PinkyU Mon 18-Jun-18 19:32:05

The reason they’re in the same class is due to staffing, DD’s TA is very unhappy about it and told the HT that she felt DD would be at risk, but there’s not enough TA’s for the children to be supported in 2 separate classes.

I’d be upset of course, but the education side is less of a concern tbh, it’s more the physical risk.

Rollawolla Mon 18-Jun-18 19:32:17

I get you want what's best for your own daughter but she isn't the only one who has needs and certainly not fair on the other boy. If you want dedicated 1-2-1 have her privately schooled. You are being so unreasonable.

Also what about the rest of the parents who have children in your ds class if they don't have SN their parents could say the same about your DD taking up valuable teaching time away from theirs...just a thought

notsohippychick Mon 18-Jun-18 19:33:21

Sorry I read the last bit wrong. I don’t think you can request the other child be moved in hindsight.

But they need to give you some kind of reassurance.

Pettyspaghetti Mon 18-Jun-18 19:34:17

I can see where you’re coming from, I don’t think I’d feel great about knowing my child could possibly get seriously injured at school. However they won’t move the other child if you ask.

Ummmmgogo Mon 18-Jun-18 19:34:22

I have a lot of sympathy for you. all children should be able to go to school without fear of assault. I don't think the school will agree move him, you might have to home educate if your dd really can't be in the same school as him. x

PinkyU Mon 18-Jun-18 19:34:53

Due to mobility and access issues DD can only be in the smaller classrooms which therefore limits the classes that can be in those rooms, this class year group is the only class small enough to access that room.

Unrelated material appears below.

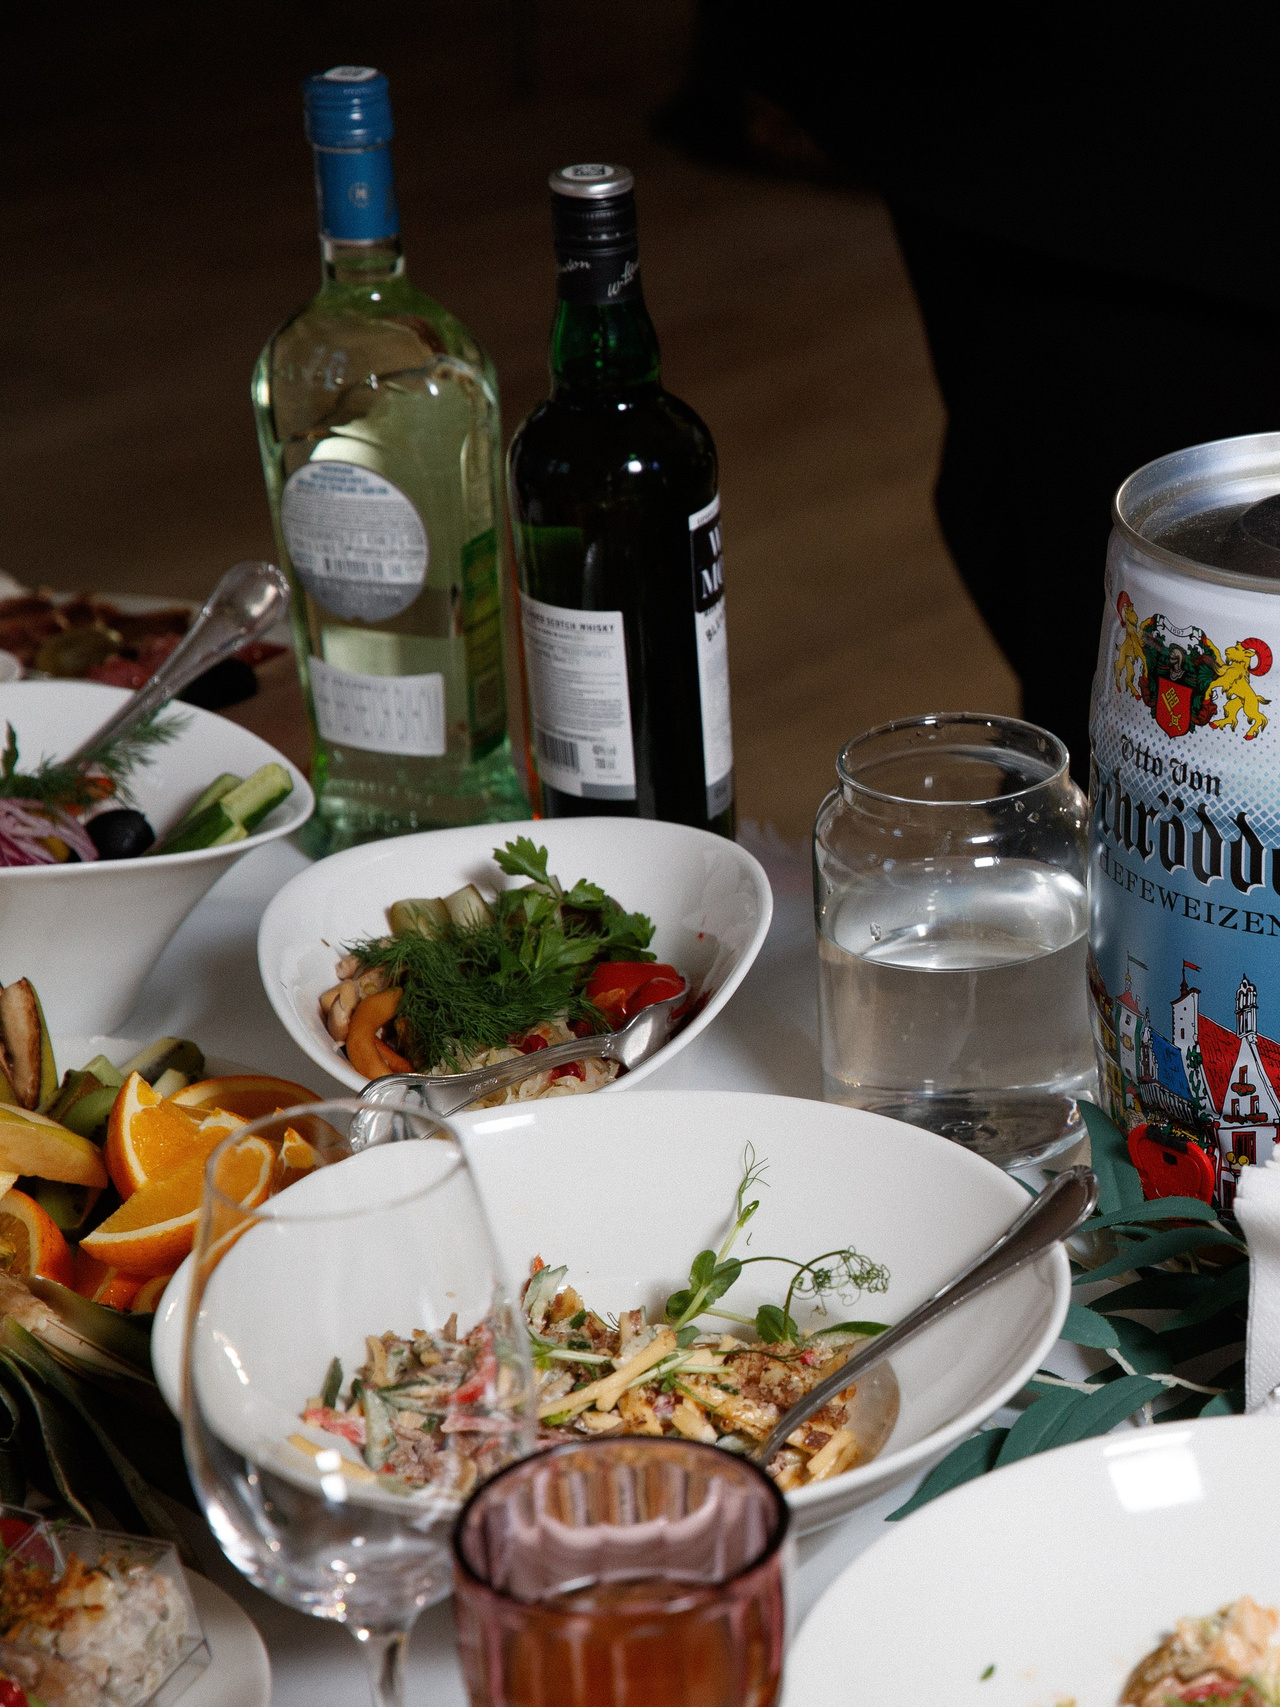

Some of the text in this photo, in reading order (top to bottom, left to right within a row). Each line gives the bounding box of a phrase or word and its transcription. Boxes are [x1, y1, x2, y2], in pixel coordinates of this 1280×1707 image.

Allthewaves Mon 18-Jun-18 19:35:06

Does your daughter has echp? Does this hold have an echp?

If your daughter has one and states 1:1 support for x hours then you have every right to complain that her 1:1 is being used for another child

annandale Mon 18-Jun-18 19:35:07

OK I will say that if the school cannot manage this child's behaviour to the point that they can keep your child safe, you need to speak up now as well as considering moving your daughter.

I believe if children are being violently struck in the classroom by another child, then at least one of them is in the wrong place or in a place which is failing them.

If more parents spoke up clearly about this, perhaps there would be more specialist staff, schools and support.

RippleEffects Mon 18-Jun-18 19:35:10

You are not being unreasonable to want your DD to be safe within school. You are not being unreasonable to want your DD to get her fair share of teacher attention and time. You are not being unreasonable to want to ensure your own DC's special needs are met.

You are however, and you bloomin know it, unreasonable to frame this about another child.

All of your issues cn be addressed just make sure you focus or your child's needs not what you perceive another child's problems to be.

Wolfiefan Mon 18-Jun-18 19:36:36

You can have a conversation about how they will safeguard her.
You can't demand he be in another class.